### [PROMPT]
An exact transcription of all the records is required, minus the images.

### [EXTRACTED DATA]
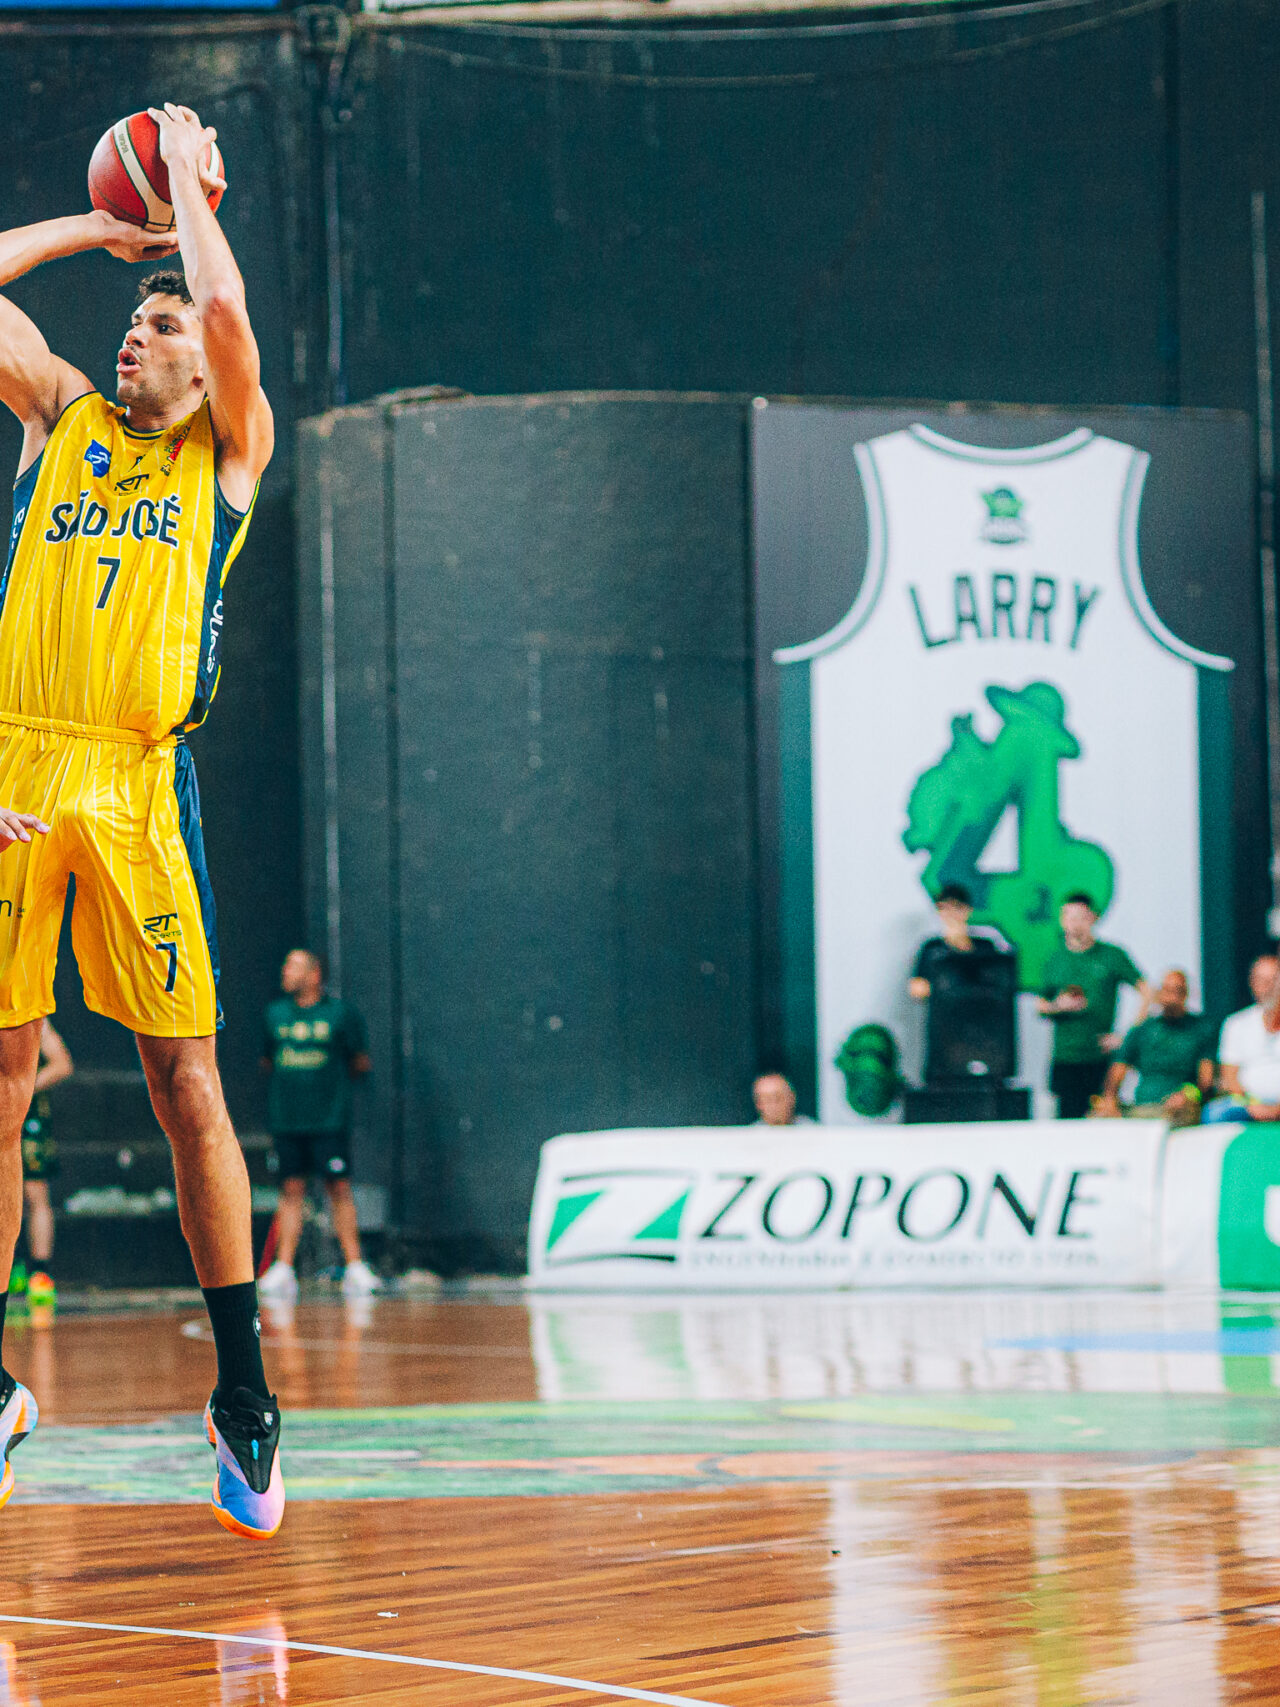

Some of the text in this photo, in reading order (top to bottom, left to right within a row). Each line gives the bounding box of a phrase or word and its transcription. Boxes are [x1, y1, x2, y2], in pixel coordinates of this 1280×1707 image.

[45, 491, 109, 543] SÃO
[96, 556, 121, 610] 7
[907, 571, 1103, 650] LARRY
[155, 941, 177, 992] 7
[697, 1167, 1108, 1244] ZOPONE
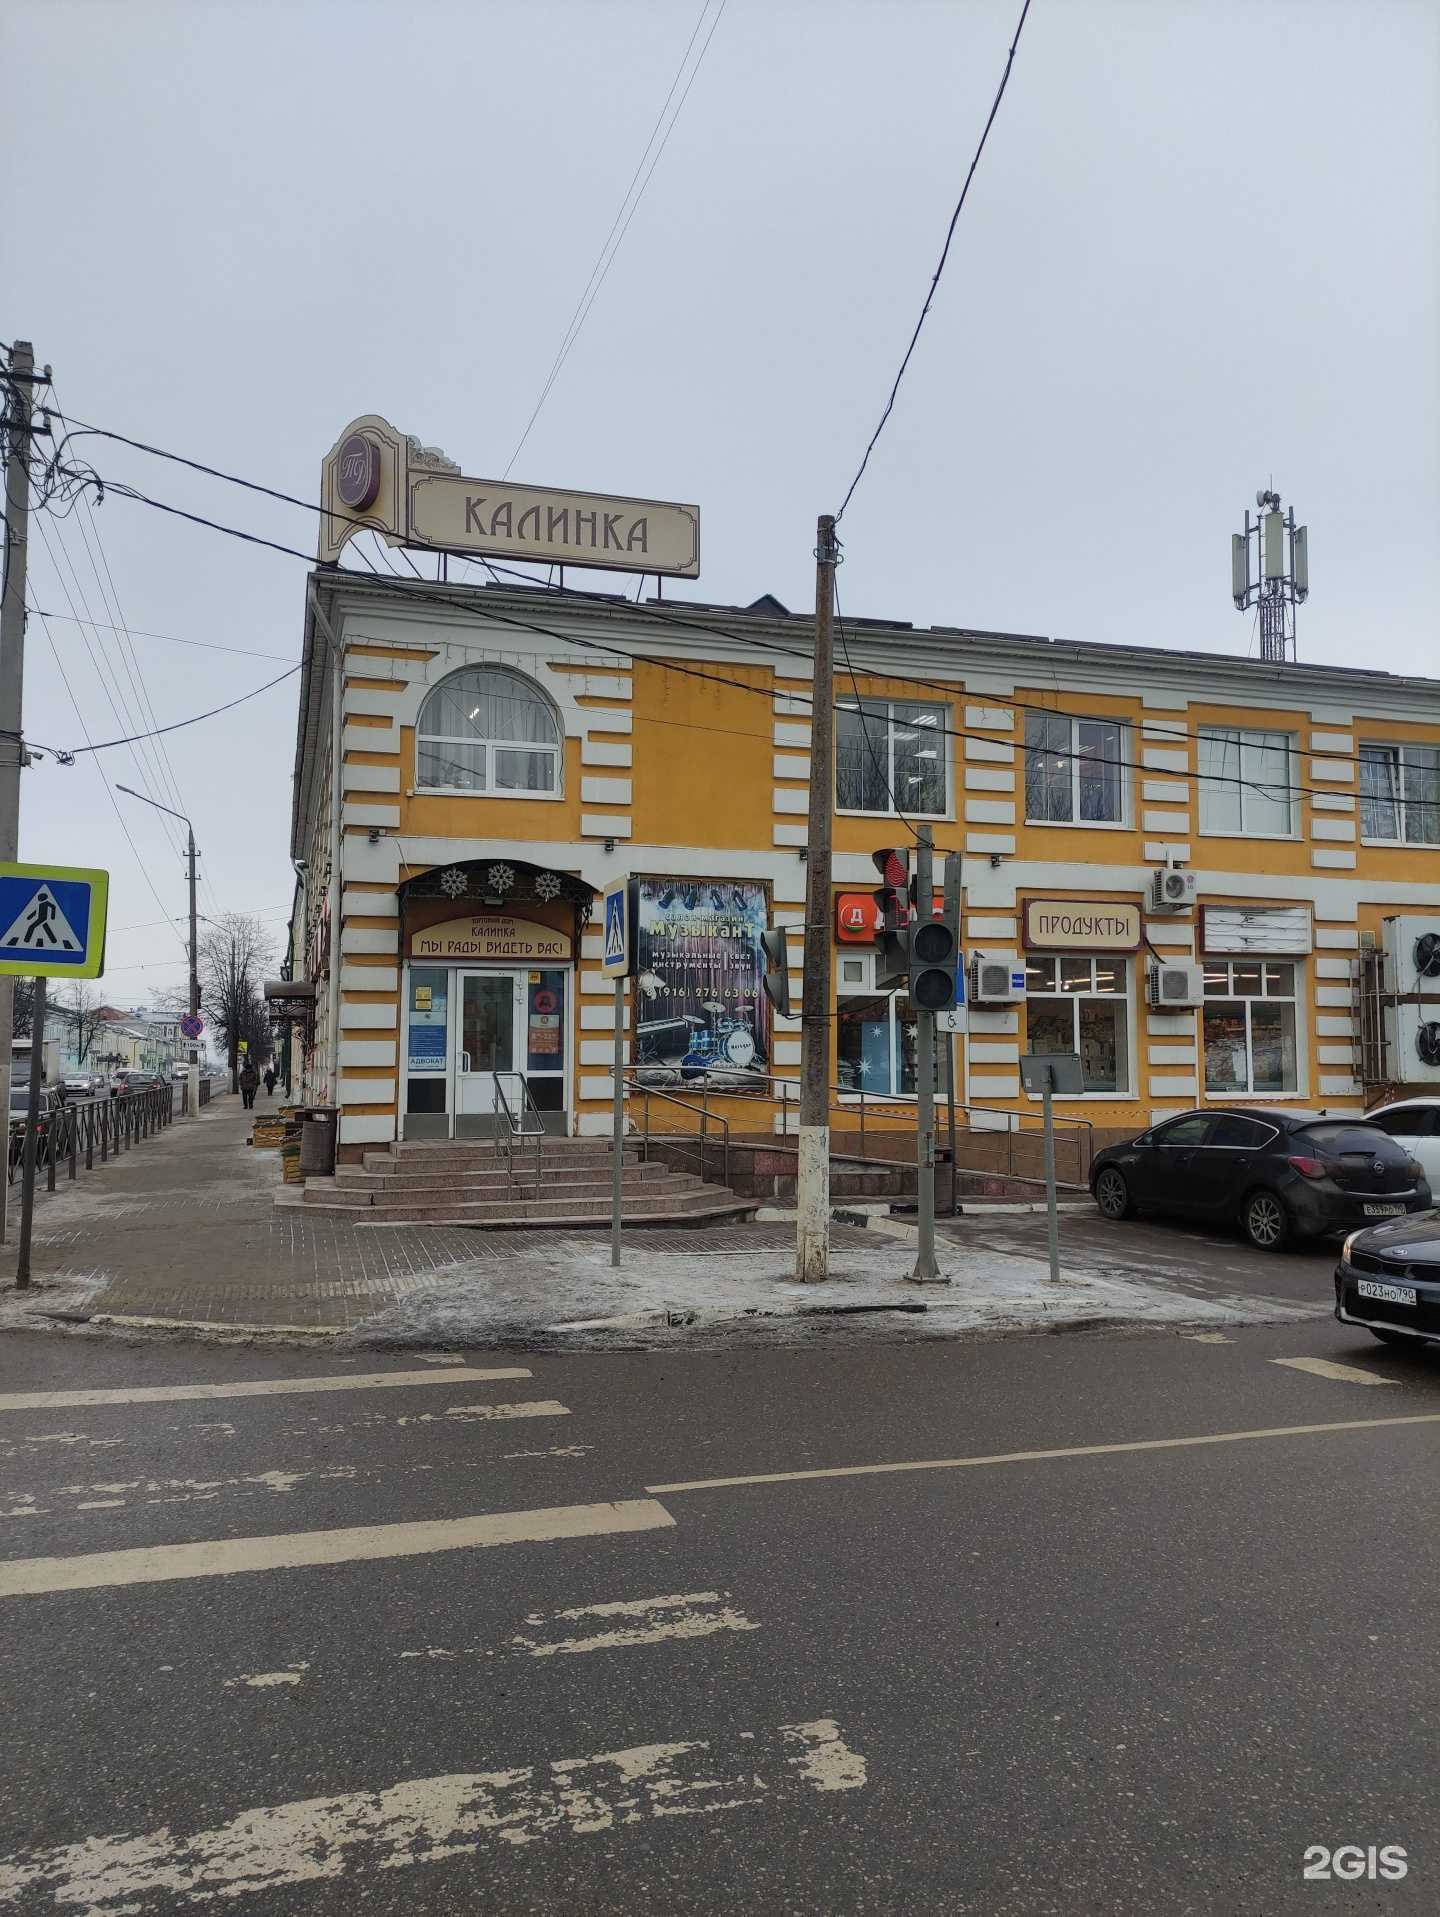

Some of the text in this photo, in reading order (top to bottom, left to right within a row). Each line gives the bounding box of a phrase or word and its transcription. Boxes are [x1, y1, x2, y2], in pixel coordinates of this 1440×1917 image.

### [RESPONSE TO THIS EXERCISE]
Some of the text in this photo, in reading order (top to bottom, left to right within a row). Each line gives the bounding box of a phrase or word and its transcription. Boxes are [x1, y1, x2, y2], in pixel coordinates of this 1280×1707 image.

[45, 491, 109, 543] SÃO
[96, 556, 121, 610] 7
[907, 571, 1103, 650] LARRY
[155, 941, 177, 992] 7
[697, 1167, 1108, 1244] ZOPONE

Some of the text in this photo, in reading order (top to bottom, left to right within a row). Each line gives the bounding box of a phrase or word and its transcription. Boxes are [x1, y1, x2, y2], in pixel coordinates of this 1440×1917 image.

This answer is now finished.